Erdogan’s comments continued his hostile posture toward Israel over the past year, during which Turkish-Israeli relations have nosedived amid Israel’s ongoing military operations against two Iran-backed Islamist terrorist groups: Hamas in Gaza and Hezbollah in Lebanon.
On Saturday, over 100 Israeli aircraft targeted missile production sites and air defenses inside Iran, significantly crippling Iran’s ballistic missile capabilities and production capacity.

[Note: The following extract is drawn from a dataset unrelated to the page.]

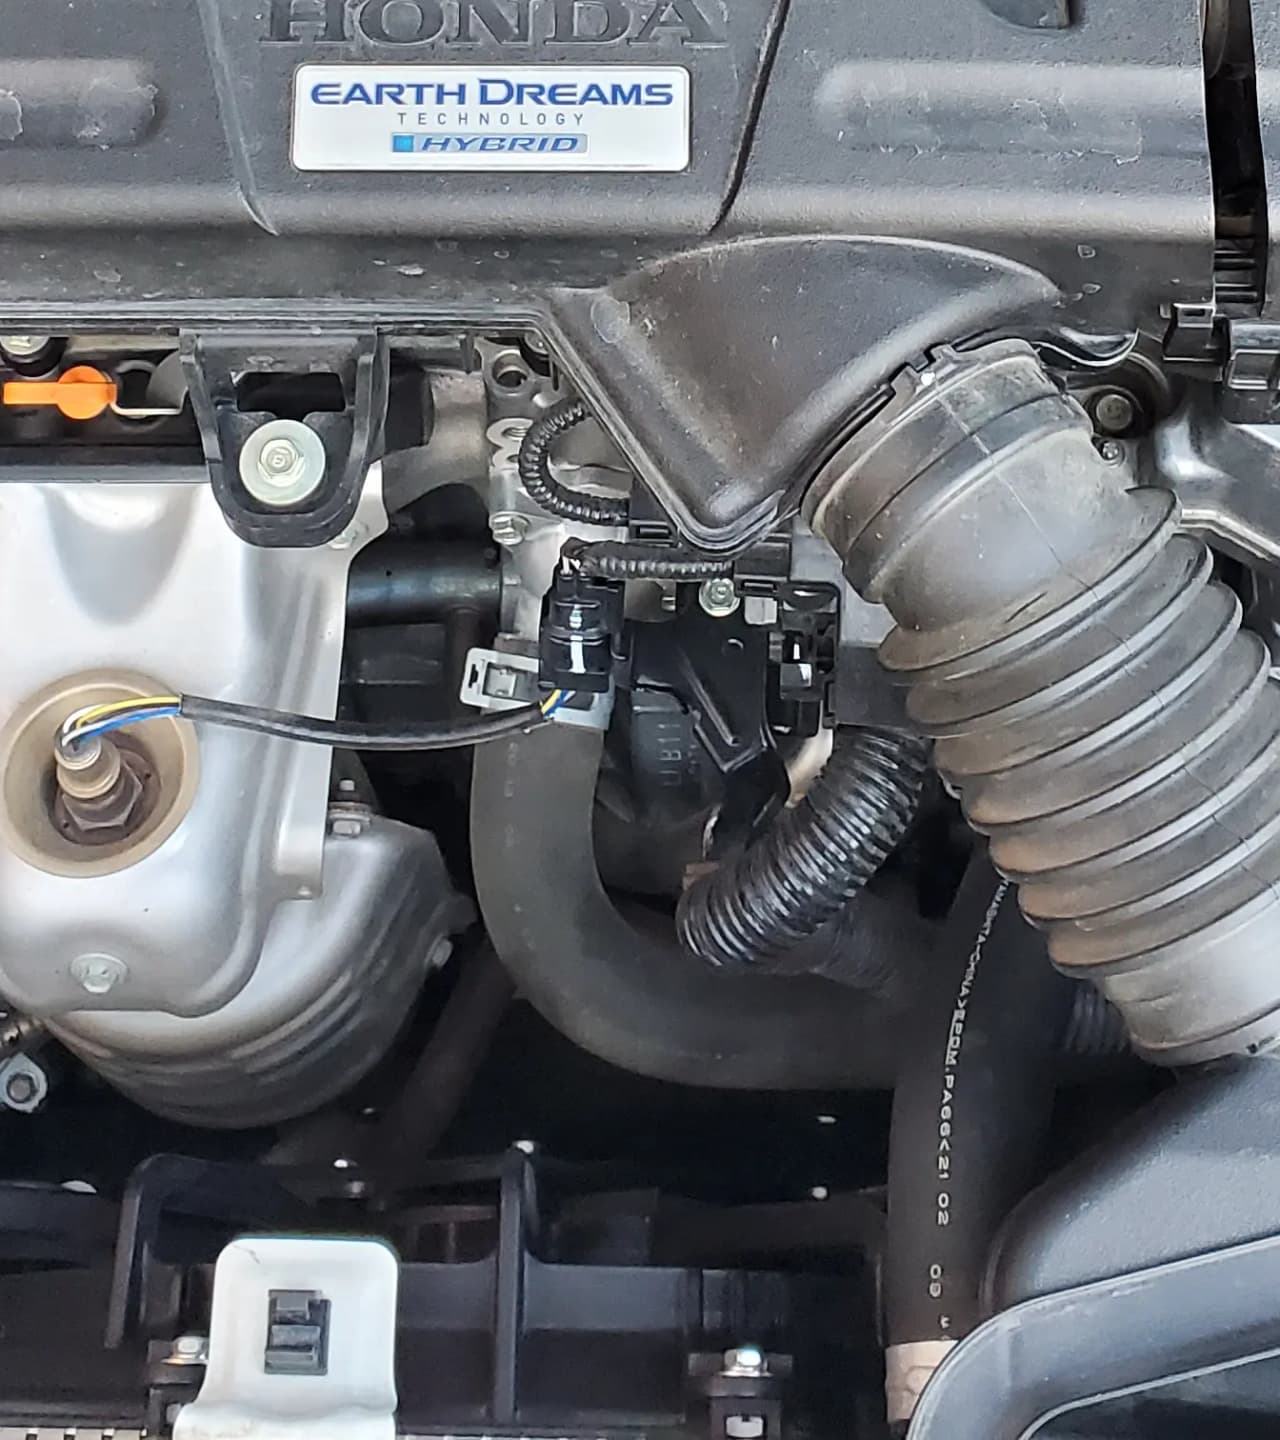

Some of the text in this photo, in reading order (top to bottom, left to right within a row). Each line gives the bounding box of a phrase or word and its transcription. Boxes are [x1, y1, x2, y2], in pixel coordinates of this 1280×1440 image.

[310, 78, 673, 107] EARTH DREAMS
[397, 112, 585, 126] TECHNOLOGY
[420, 136, 580, 153] HYBRID

The sophisticated operation was in response to Iran firing more than 180 ballistic missiles at Israel earlier in the month, as well as ongoing attacks from its terror proxies in the region, according to Israeli officials.
Responding to the strikes, Erdogan expressed solidarity with Iran and portrayed Israel as the aggressor.
“I extend my best wishes to our neighbor Iran and the Iranian government, which were the target of Israeli aggression last night,” Erdogan said at an event in the southern city of Hatay, according to Turkish media.
The Turkish president also claimed without evidence that Israel was seeking to set a “trap” to start a regional war.
“The Zionist Israeli government is attempting to ignite a regional conflict. It is crucial not to fall into the trap set by Israel and its supporters,” he said. “With this mindset, Israel will achieve nothing. We expect their wrath from Allah.”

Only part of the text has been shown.